The record of morphological constraints consists of the record of specification of part of speech, gender, number, case, grade of adjectives, agreement, and none of these items is obligatory but one of them at least should always be present. If any of these items is not given, no constraint is imposed on the particular category (i.e. all attribute values are permissible on the corresponding node). If a lemma occurs in the record of a realization, a morphological constraint on the part of speech need not be given since it is determined unambiguously by the lemma.

neg := '~'

The ~ character indicates a constraint on the presence of negation in a morphological tag.

pos := 'a' | 'd' | 'i' | 'n' | 'u' | 'j' | 'v' | 's' | 'f' | 'c'

A part of speech is written in lower case:

a: adjective
d: adverb
i: particle
n: noun
j: subordinating conjunction
v: verb
f: verb in infinitive form
u: possessive pronoun or adjective
s: root node of a direct speech subtree
c: root node of a subtree corresponding to an (asyndetic) dependent content clause (i.e. a clause introduced by a relative pronoun or adverb)

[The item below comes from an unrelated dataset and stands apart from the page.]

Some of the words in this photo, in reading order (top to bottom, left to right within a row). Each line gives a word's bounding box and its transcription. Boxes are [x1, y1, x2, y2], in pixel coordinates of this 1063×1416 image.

gender := 'F' | 'M' | 'I' | 'N'

Gender is written in upper case:

F: feminine
M: masculine animate
I: masculine inanimate
N: neuter

number := 'S' | 'P'

Number is written in upper case:

S: singular
P: plural

case := '1' | '2' | '3' | '4' | '5' | '6' | '7'

Case is recorded by its number.

deg := '@1' | '@2' | '@3'

A grade of an adjective is introduced by symbol @ distinguishing it from the case number.

agreement := '#'

Agreement with the governing node in case, number and gender (only if this category exists by both nodes and it is not specified by the record of morphological constraints by the dependent node).

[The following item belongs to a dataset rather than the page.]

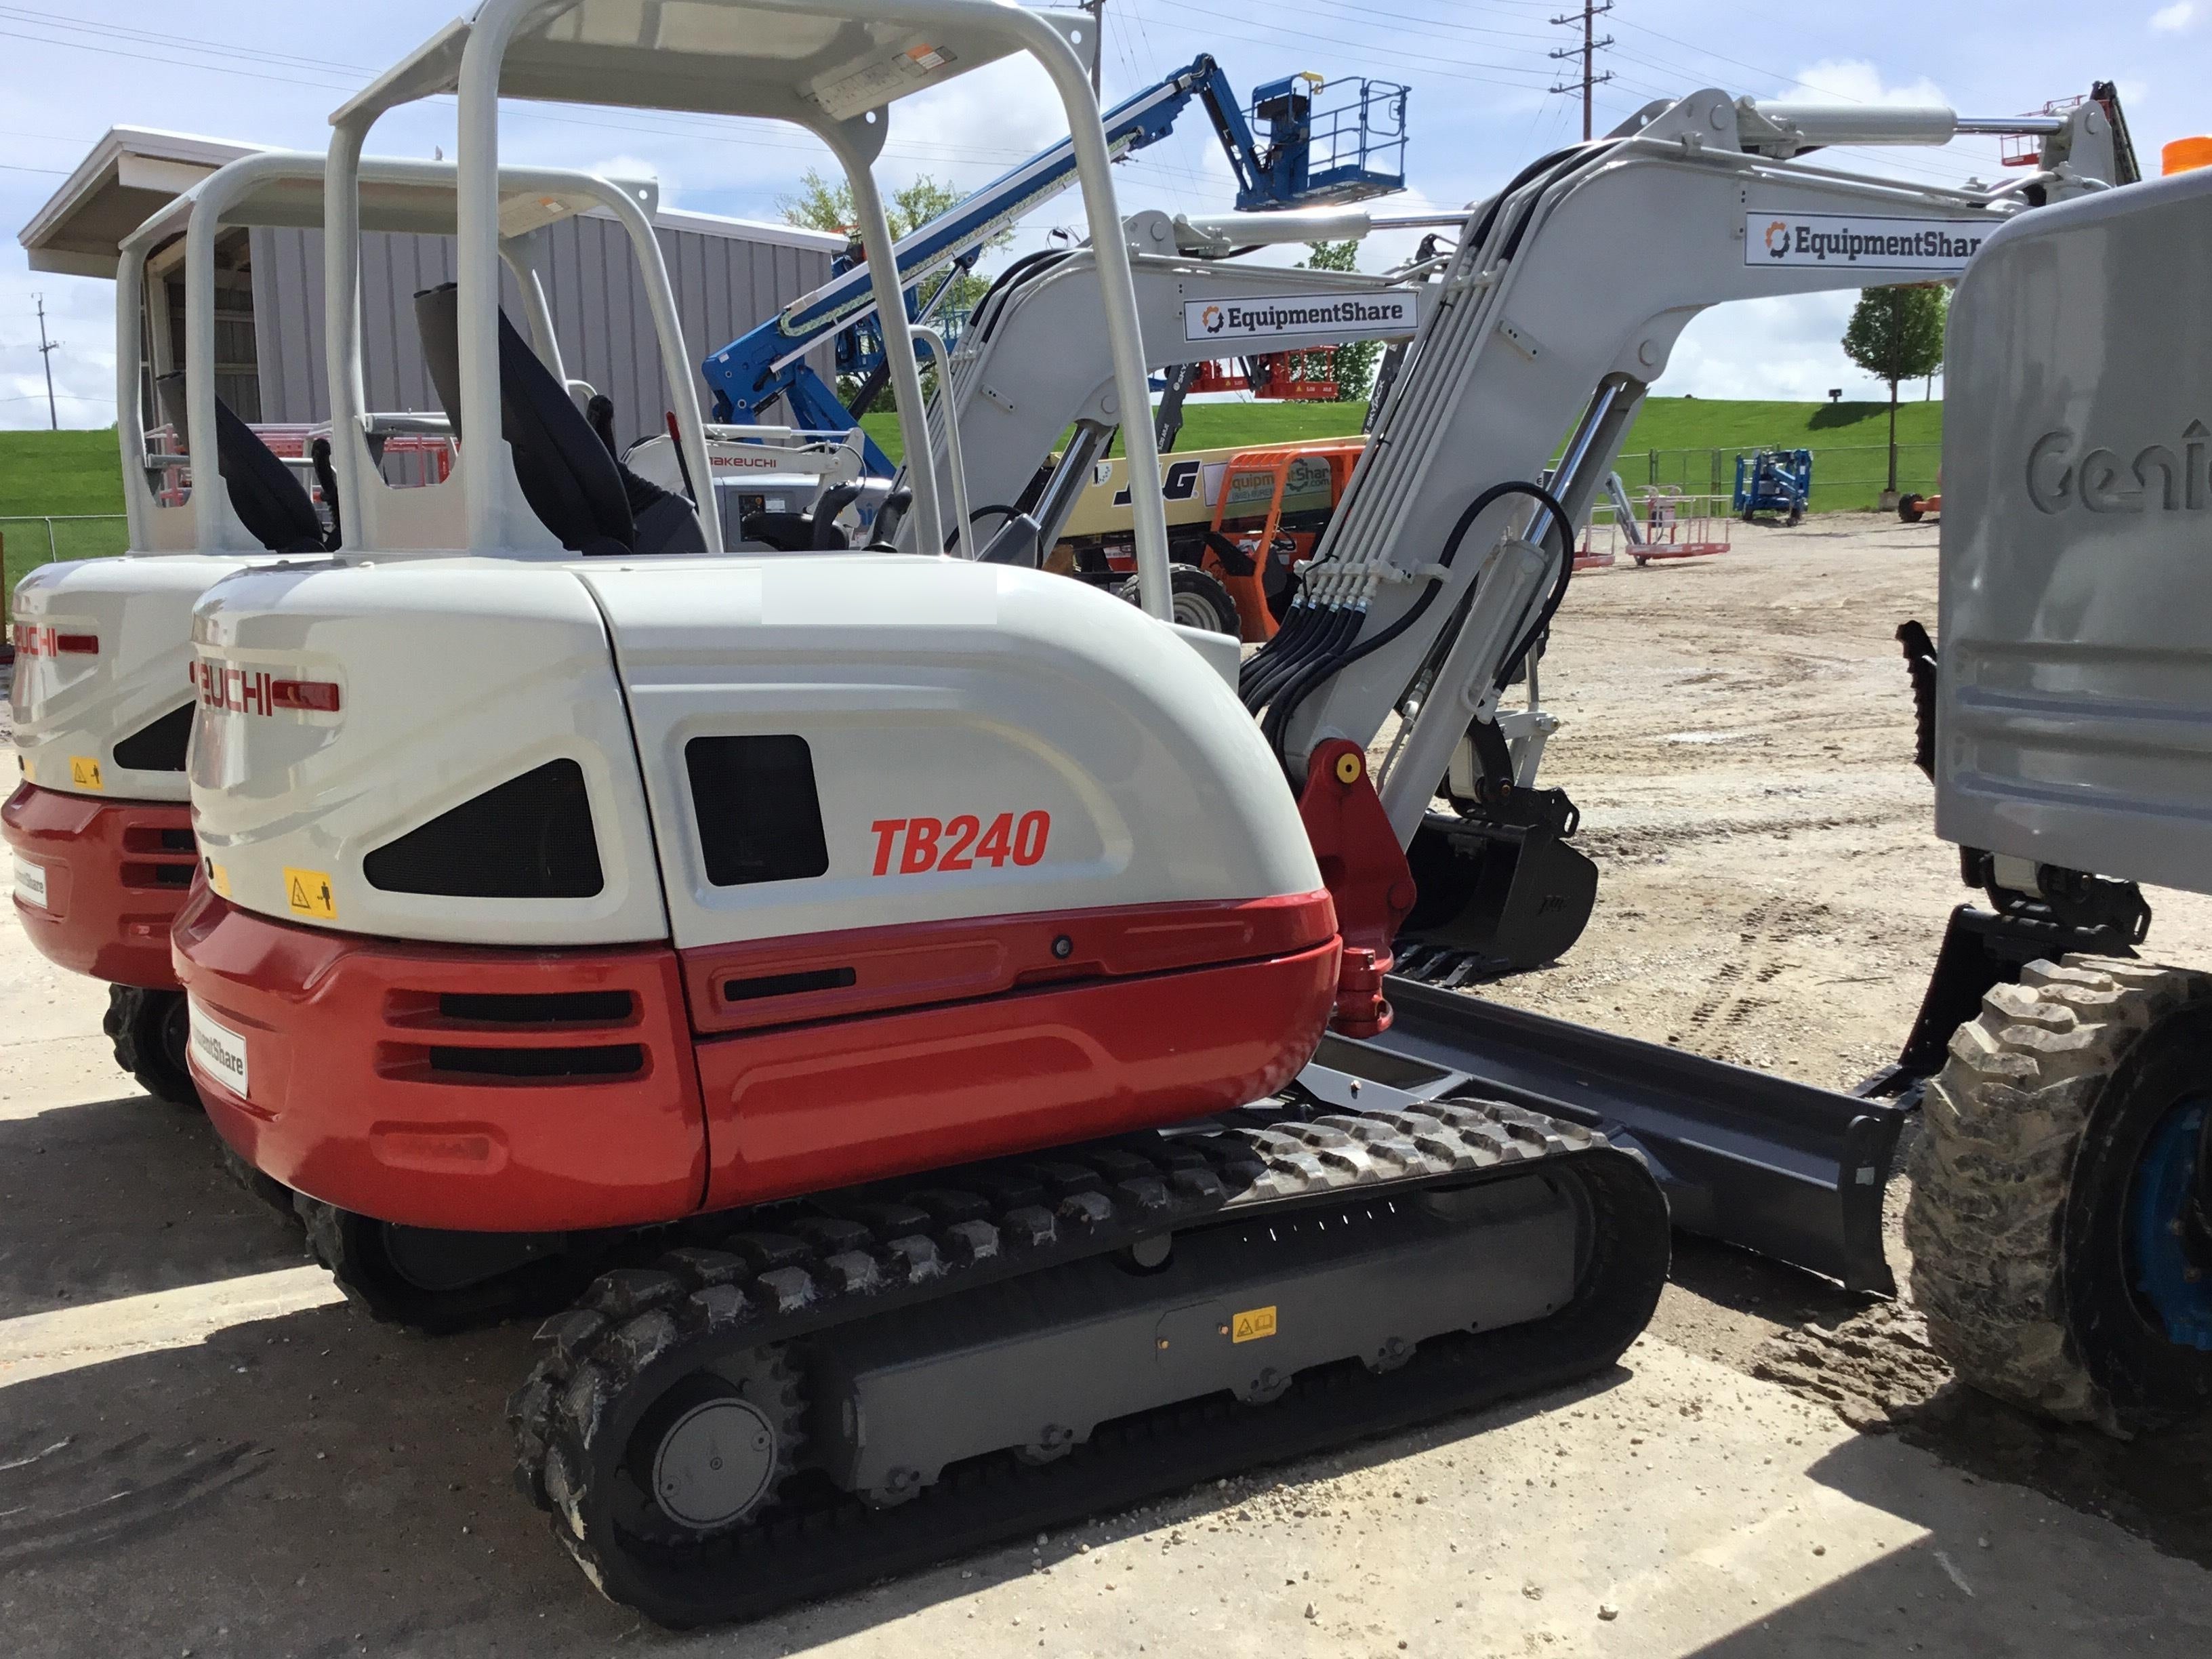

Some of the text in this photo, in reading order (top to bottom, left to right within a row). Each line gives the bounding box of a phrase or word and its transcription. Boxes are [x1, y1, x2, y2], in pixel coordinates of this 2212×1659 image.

[1795, 226, 1982, 261] EquipmentShar
[1227, 302, 1403, 331] EquipmentShare
[2026, 418, 2212, 515] Geni
[871, 810, 1050, 876] TB240

tag_spec := tag_pos '<' tag_values '>' [ tag_spec ]
tag_pos := [ '$1' | '$2' | '$3' | '$4' | '$5' | '$6' | '$7' | '$8' 
             | '$9' | '$10' | '$11' | '$12' | '$13' | '$14' | '$15' ]
tag_values := CHAR [ tag_values ]

If the records stated above are not sufficient to describe the constraints on a morphological tag, it is possible to give other constraints in the form of enumerated values that are permissible for particular positions of the morphological tag. The record of a constraint on the value of a particular morphological tag begins with the symbol $, followed by the number of position (1 to 15), and by a string within pointed brackets < > this string consists of all symbols that are allowed to occur in the particular position of a morphological tag. All symbols except letters, numbers and a hyphen that occur within pointed brackets must be introduced by a backslash.

A valency frame can be empty. Such valency frame is recorded in the folowing way: EMPTY.